Deviant energetic metabolism of glycolytic cancer cells

Abstract

The central glycolytic and oxidative pathways and the ATP-producing mechanisms differ in sane and malignant cells by their regulation and dynamics. Fast-growing, poorly-differentiated cancer cells characteristically show high aerobic glycolysis. In the same way, cholesterol biosynthesis, which occurs by normal pathways in tumors, is deficient in feed-back regulation and in sterol-transport mechanism. Other metabolic ways are deficient, as for example, intramitochondrial aldehyde catabolism, at the origin of a possible acetaldehyde toxicity, which can be circumvented by the synthesis of an unusual and neutral product for mammalian cells acetoin, through tumoral pyruvate dehydrogenase.

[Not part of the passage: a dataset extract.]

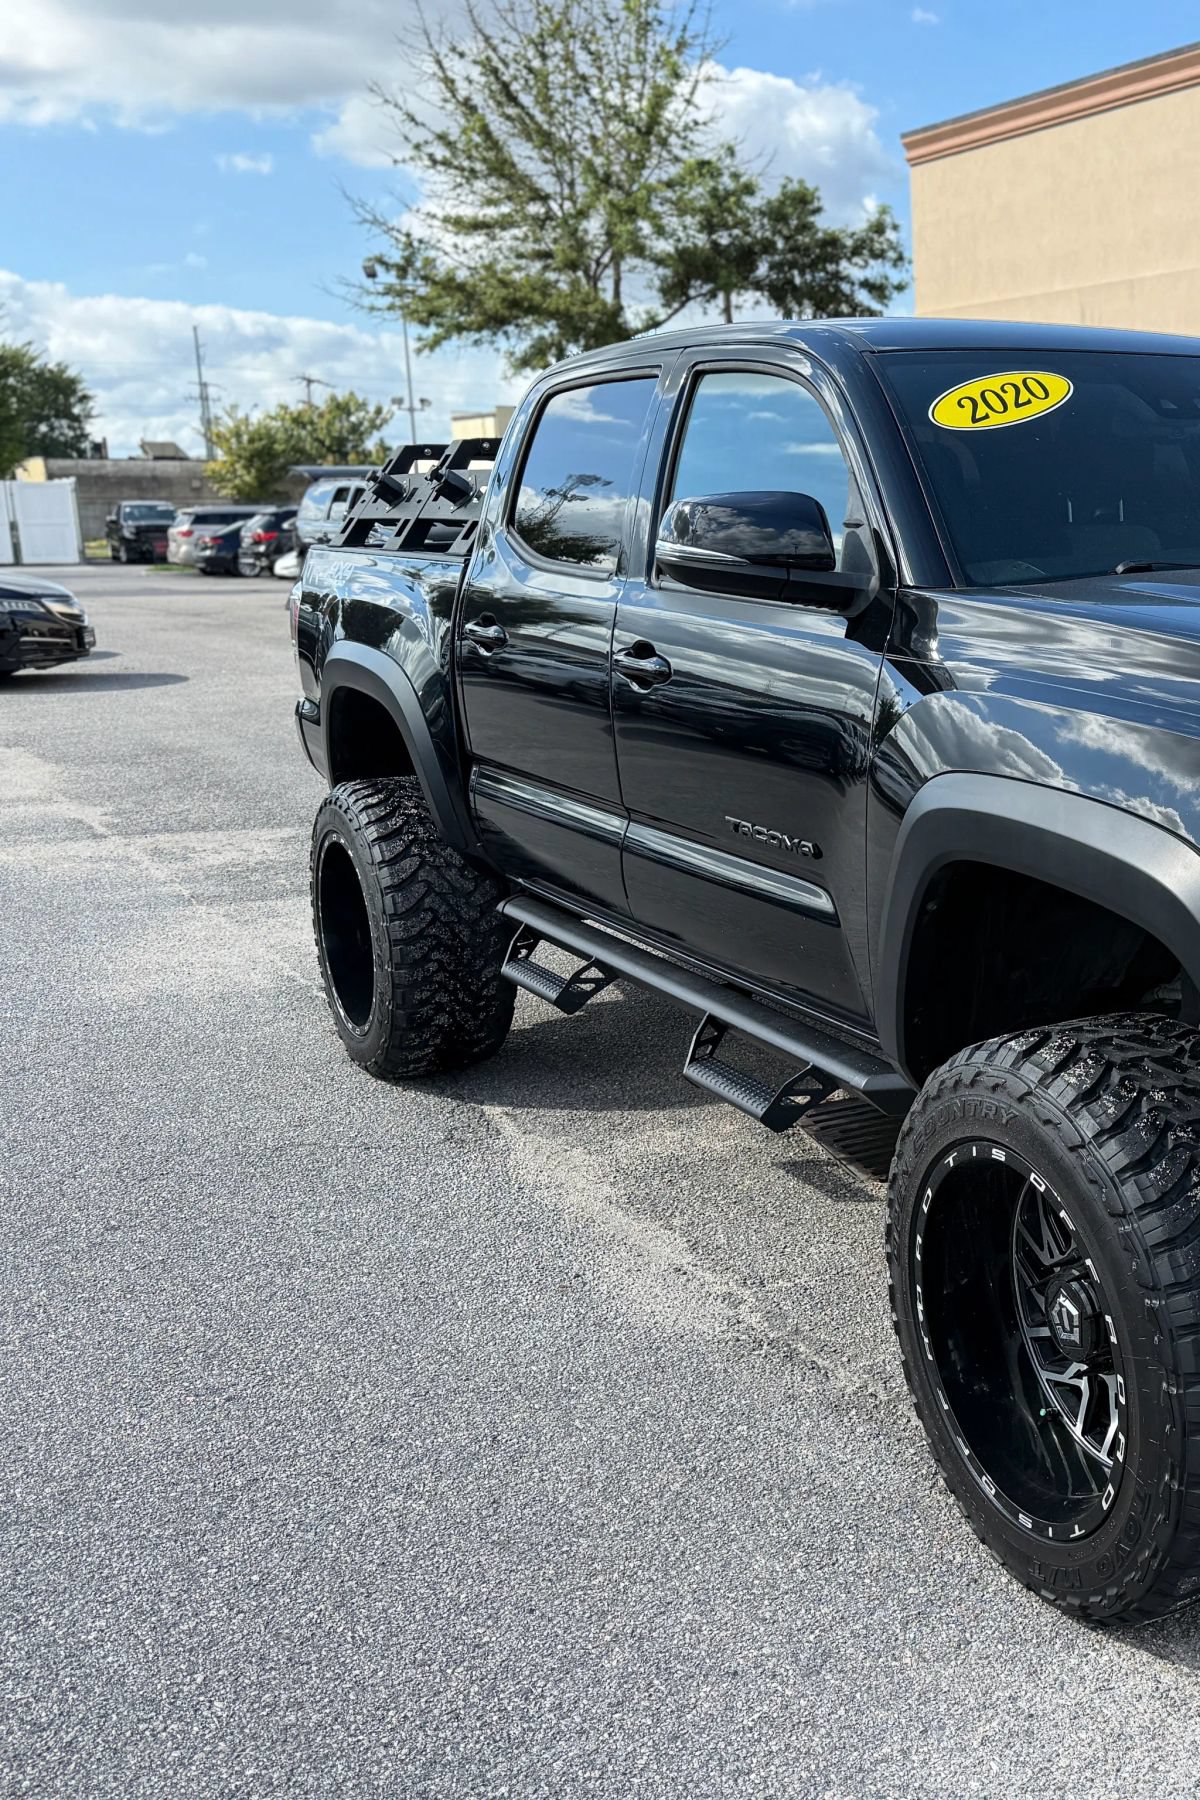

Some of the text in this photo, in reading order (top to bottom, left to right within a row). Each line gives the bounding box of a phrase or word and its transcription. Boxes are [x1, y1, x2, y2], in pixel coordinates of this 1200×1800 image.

If most of the glycolytic pyruvate is deviated to lactate production, little of the remaining carbons enter a truncated Krebs cycle where citrate is preferentially extruded to the cytosol where it feeds sterol synthesis. Glutamine is the major oxidizable substrate by tumor cells. Inside the mitochondrion, it is deaminated to glutamate through a phosphate-dependent glutaminase. Glutamate is then preferentially transminated to α-ketoglutarate that enters Krebs cycle. Glutamine may be completely oxidized through the abnormal Krebs cycle only if a way of forming acetyl CoA is present: cytosolic malate entering mitochondria is preferentially oxidized to pyruvate + CO 2 through an intramitochondrial NAD(P) + -malic enzyme, whereas intramitochondrial malate is preferentially oxidized to oxaloacetate through malate dehydrogenase, thus providing a high level of intramitochondrial substrate compartmentation. These and other regulatory aberrations in tumor cells appear to be reflections of a complex set of non-random phenotypic changes, initiated by expression of oncogenes.